What this task involves | What is needed is an exact transcription of every entry below.

Records for this exercise |
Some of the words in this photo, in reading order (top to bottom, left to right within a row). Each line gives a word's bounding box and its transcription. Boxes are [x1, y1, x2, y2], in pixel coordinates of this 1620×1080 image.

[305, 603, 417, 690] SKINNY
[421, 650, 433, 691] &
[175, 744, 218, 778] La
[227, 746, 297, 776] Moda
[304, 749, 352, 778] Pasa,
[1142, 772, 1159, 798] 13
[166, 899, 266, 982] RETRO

Solution for this exercise |
Some of the words in this photo, in reading order (top to bottom, left to right within a row). Each line gives a word's bounding box and its transcription. Boxes are [x1, y1, x2, y2], in pixel coordinates of this 1620×1080 image.

[305, 603, 417, 690] SKINNY
[421, 650, 433, 691] &
[175, 744, 218, 778] La
[227, 746, 297, 776] Moda
[304, 749, 352, 778] Pasa,
[1142, 772, 1159, 798] 13
[166, 899, 266, 982] RETRO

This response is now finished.